PCOS is a heterogeneous disorder that may be affected by multiple factors including genetic, lifestyle, and environment. The definition of PCOS is unclear, where it is defined by a combination of different features that lead to its diagnostic criteria remain controversial. PCOS women also experience multi-symptoms, and the diseases that comorbid to PCOS are widely varied [6, 119]. The complexity in PCOS is evident that many genes, proteins, and metabolites involved in the pathobiology of PCOS. All omics platforms have been applied to identifying the molecular basis of PCOS (Table 3) [120].

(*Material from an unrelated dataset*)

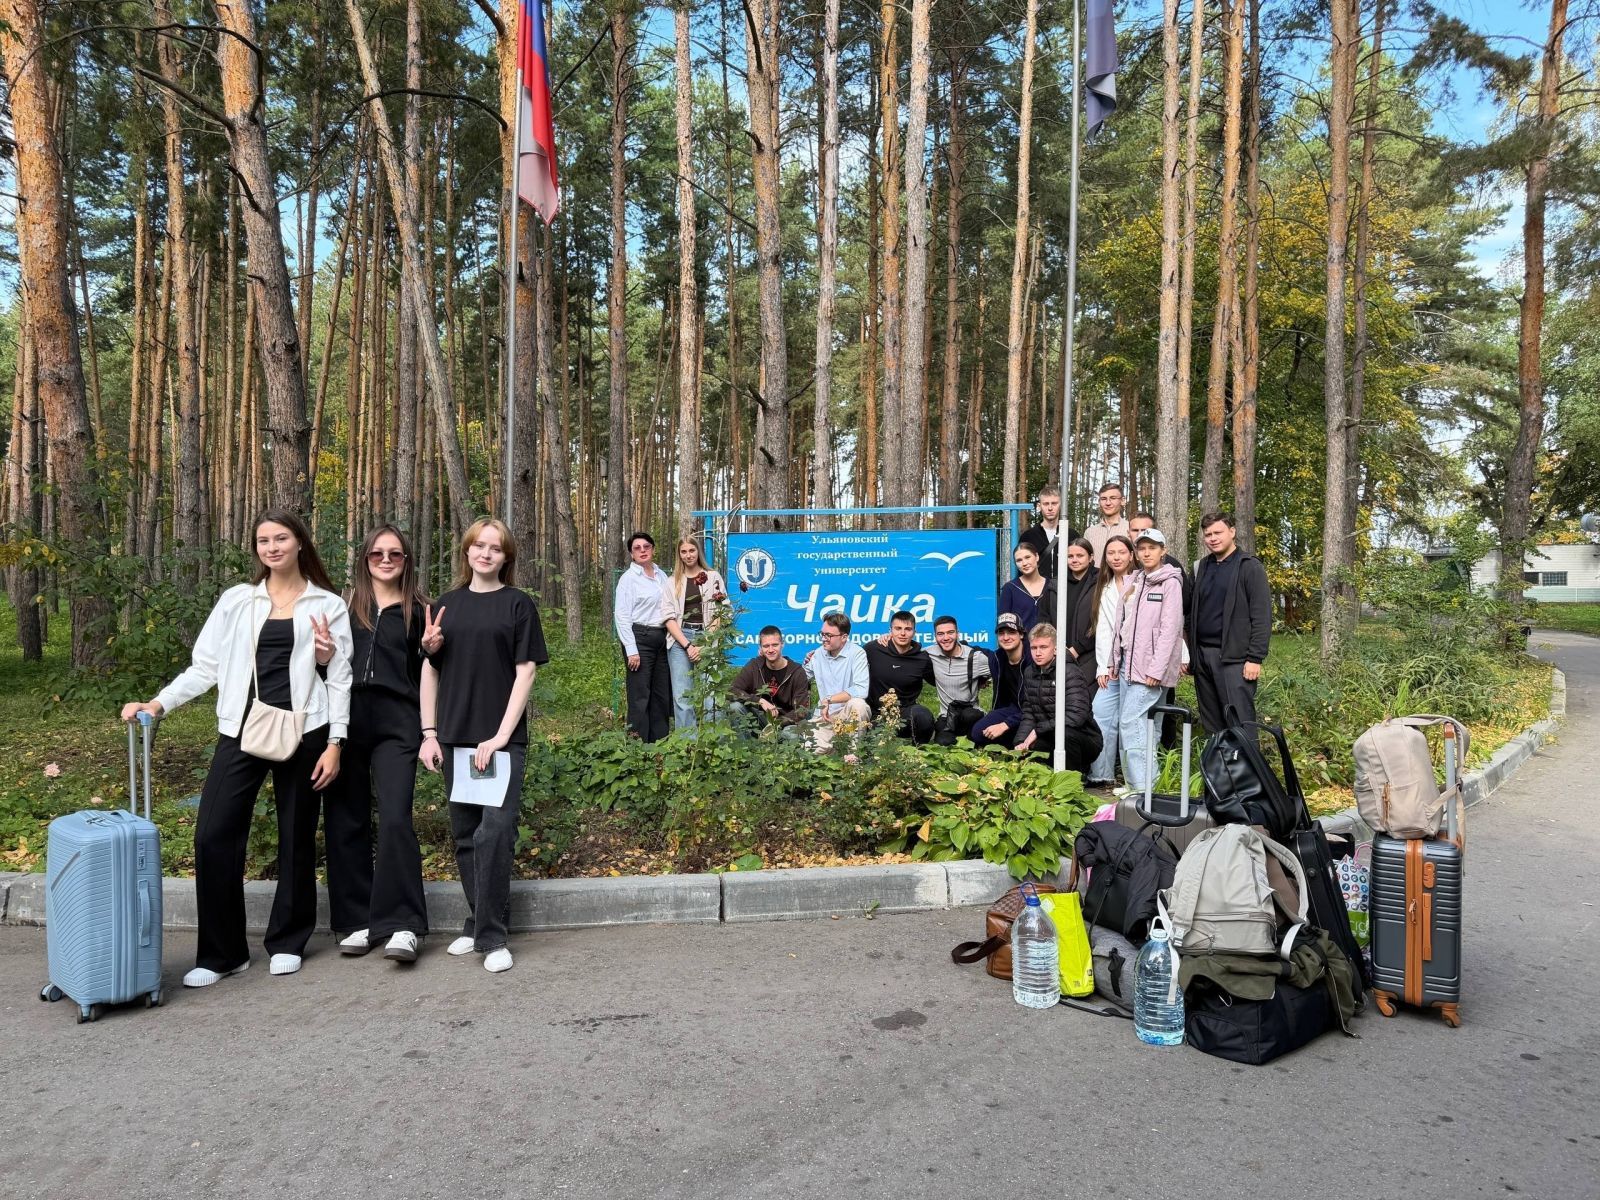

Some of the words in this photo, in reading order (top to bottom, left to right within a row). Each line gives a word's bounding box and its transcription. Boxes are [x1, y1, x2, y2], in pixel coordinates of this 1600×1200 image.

[811, 533, 889, 545] Ульяновский
[797, 548, 898, 561] государственный
[813, 566, 888, 577] университет
[787, 583, 936, 623] Чайка

OmicsDescriptionExamples of previous studiesReference
GenomicsIdentification genetics evidence in PCOS womenIdentified 16 loci associated risk of PCOS in Chinese and European subjects[121, 122, 123, 124]
TranscriptomicsIdentification of differentially expressed genes (significantly up-regulated and down-regulated genes) between non-PCOS and PCOS womenIdentified 243 differential expressed gene in the granulosa cells between non-PCOS and PCOS patients[125]
ProteomicsDetection of differentially expressed protein between non-PCOS and PCOS womenIdentified 186 significantly expressed proteins in the follicular fluid between non-PCOS and PCOS women[126]
MetabolomicsDetection of altered metabolites between non-PCOS and PCOS womenThe altered metabolites in the sera between non-PCOS and PCOS women revealed disruptions in several metabolic pathways such as steroid hormone biosynthesis, amino acids and nucleotides metabolism, and glutathione metabolism, as well as lipids and carbohydrates metabolism[127]

Table 3.

Omics approaches in PCOS.

Even though all omics have been performed in PCOS, the pathobiology of PCOS is still far from understood. Since the prevalence of PCOS women is increased and if they are left untreated, PCOS women are at higher risk to develop other chronic diseases (endometrial cancer, type-2 diabetes and cardiovascular diseases), and other approaches such as computational systems analysis need to be done to improve the understanding in PCOS. By far, several studies have integrated the omics platforms using computational systems analysis to provide a systems-level understanding of PCOS.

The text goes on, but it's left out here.